___ Task input

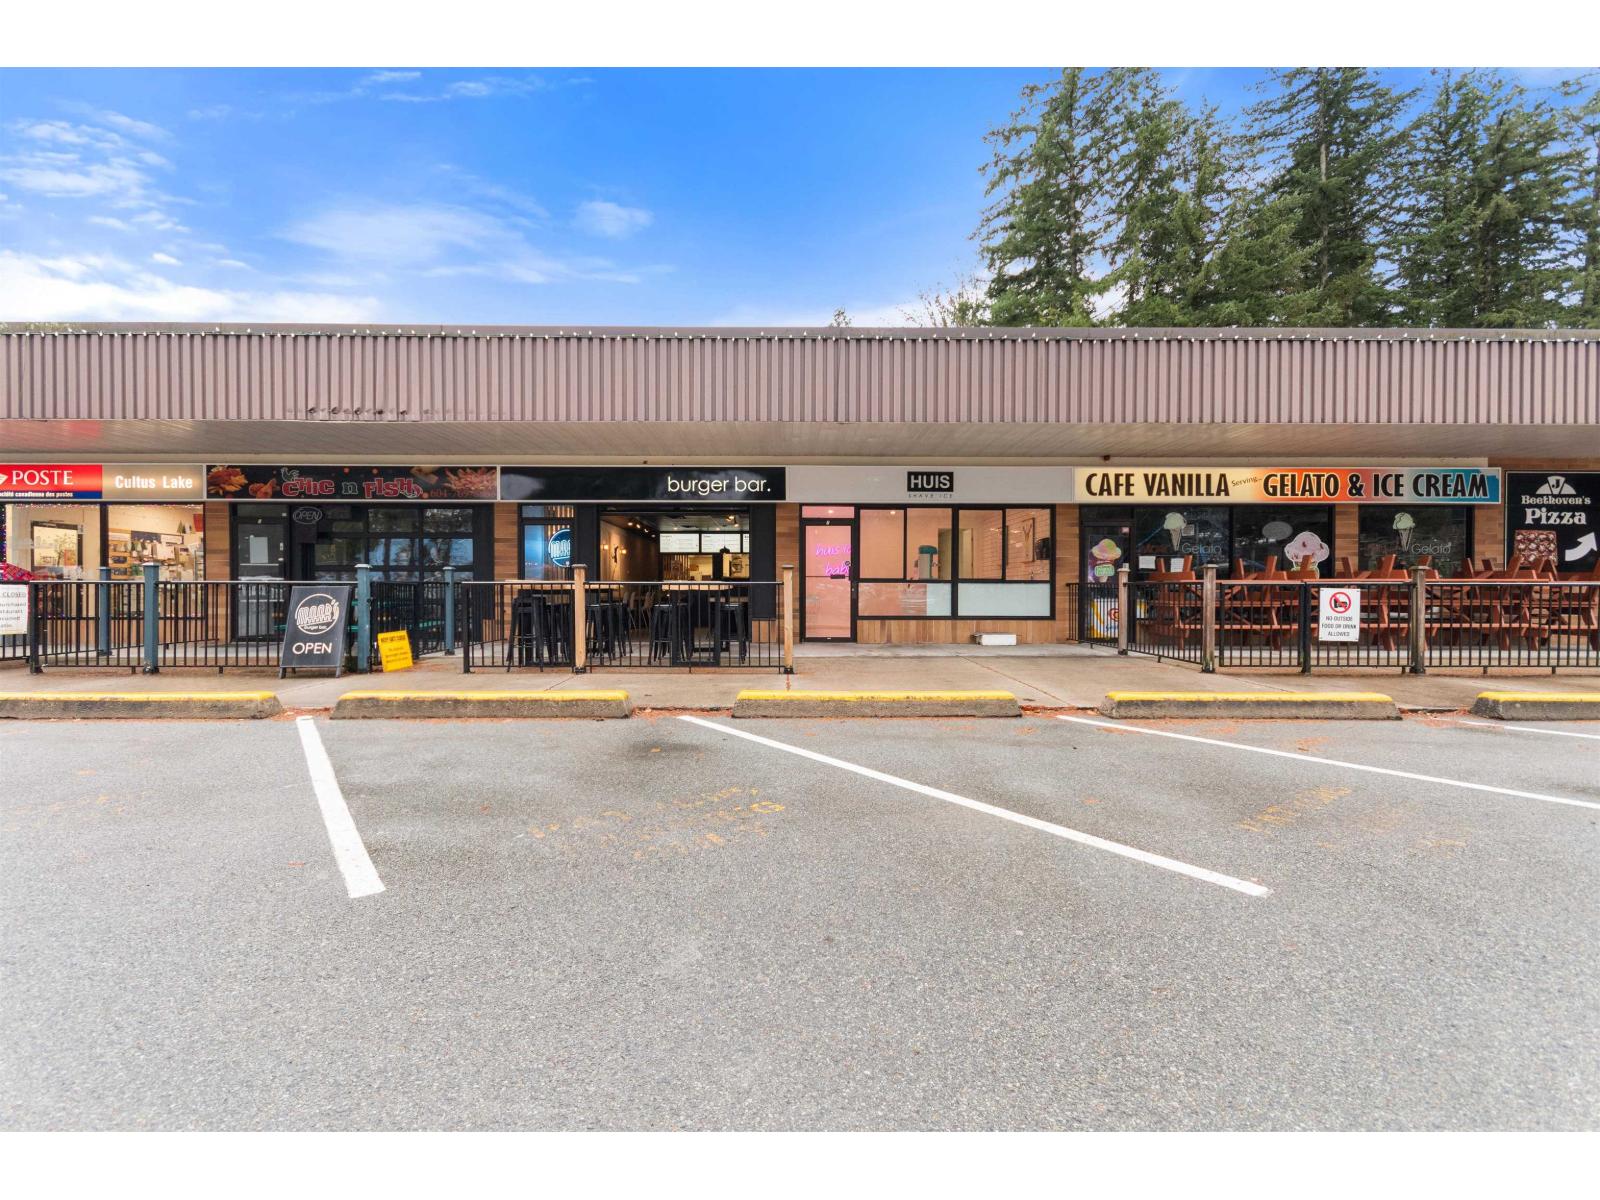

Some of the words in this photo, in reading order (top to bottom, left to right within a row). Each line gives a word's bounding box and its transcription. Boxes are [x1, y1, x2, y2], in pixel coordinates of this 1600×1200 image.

[12, 470, 73, 485] POSTE
[115, 475, 156, 489] Cultus
[162, 475, 193, 489] Lake
[910, 475, 950, 488] HUIS
[667, 476, 729, 495] burger
[735, 476, 771, 492] bar.
[1085, 473, 1135, 497] CAFE
[1143, 473, 1230, 497] VANILLA
[1262, 473, 1340, 498] GELATO
[1347, 473, 1367, 498] &
[1373, 473, 1404, 497] ICE
[1412, 473, 1489, 498] CREAM
[1521, 495, 1591, 504] Beethoven's
[294, 511, 320, 520] OPEN
[1525, 507, 1587, 524] Pizza
[1182, 543, 1221, 554] Gelato
[1411, 543, 1451, 554] Gelato
[292, 642, 332, 654] OPEN
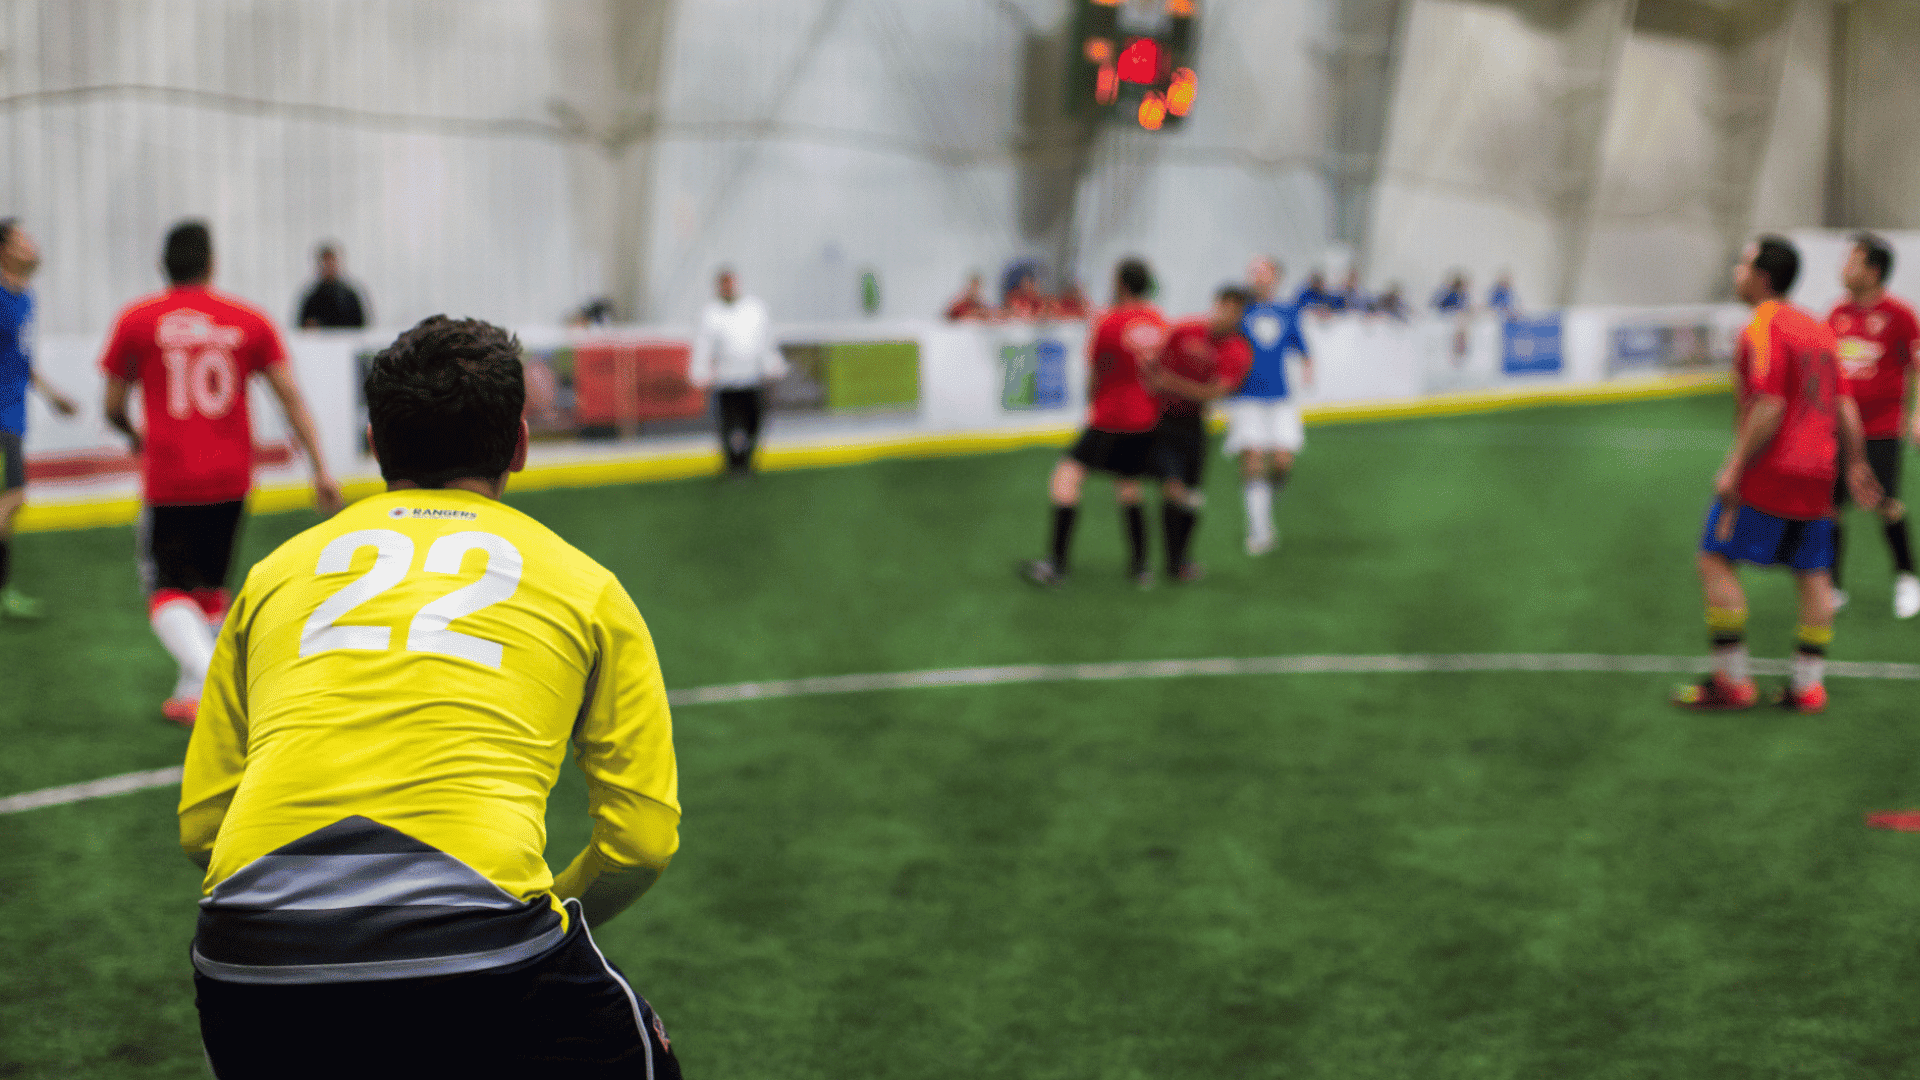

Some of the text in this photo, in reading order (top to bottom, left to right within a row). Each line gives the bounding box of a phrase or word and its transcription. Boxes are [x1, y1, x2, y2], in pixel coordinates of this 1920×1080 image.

______

Task prompt: Omit the pictures. Repeat the rest of the data exactly.

Exercise answer:
Some of the words in this photo, in reading order (top to bottom, left to right within a row). Each line gives a word's bounding box and its transcription. Boxes are [x1, y1, x2, y2], in pixel coordinates of this 1600×1200 image.

[12, 470, 73, 485] POSTE
[115, 475, 156, 489] Cultus
[162, 475, 193, 489] Lake
[910, 475, 950, 488] HUIS
[667, 476, 729, 495] burger
[735, 476, 771, 492] bar.
[1085, 473, 1135, 497] CAFE
[1143, 473, 1230, 497] VANILLA
[1262, 473, 1340, 498] GELATO
[1347, 473, 1367, 498] &
[1373, 473, 1404, 497] ICE
[1412, 473, 1489, 498] CREAM
[1521, 495, 1591, 504] Beethoven's
[294, 511, 320, 520] OPEN
[1525, 507, 1587, 524] Pizza
[1182, 543, 1221, 554] Gelato
[1411, 543, 1451, 554] Gelato
[292, 642, 332, 654] OPEN

Some of the text in this photo, in reading order (top to bottom, left to right within a row). Each line gives the bounding box of a phrase or word and its transcription. Boxes are [x1, y1, x2, y2], in pixel coordinates of this 1920×1080 image.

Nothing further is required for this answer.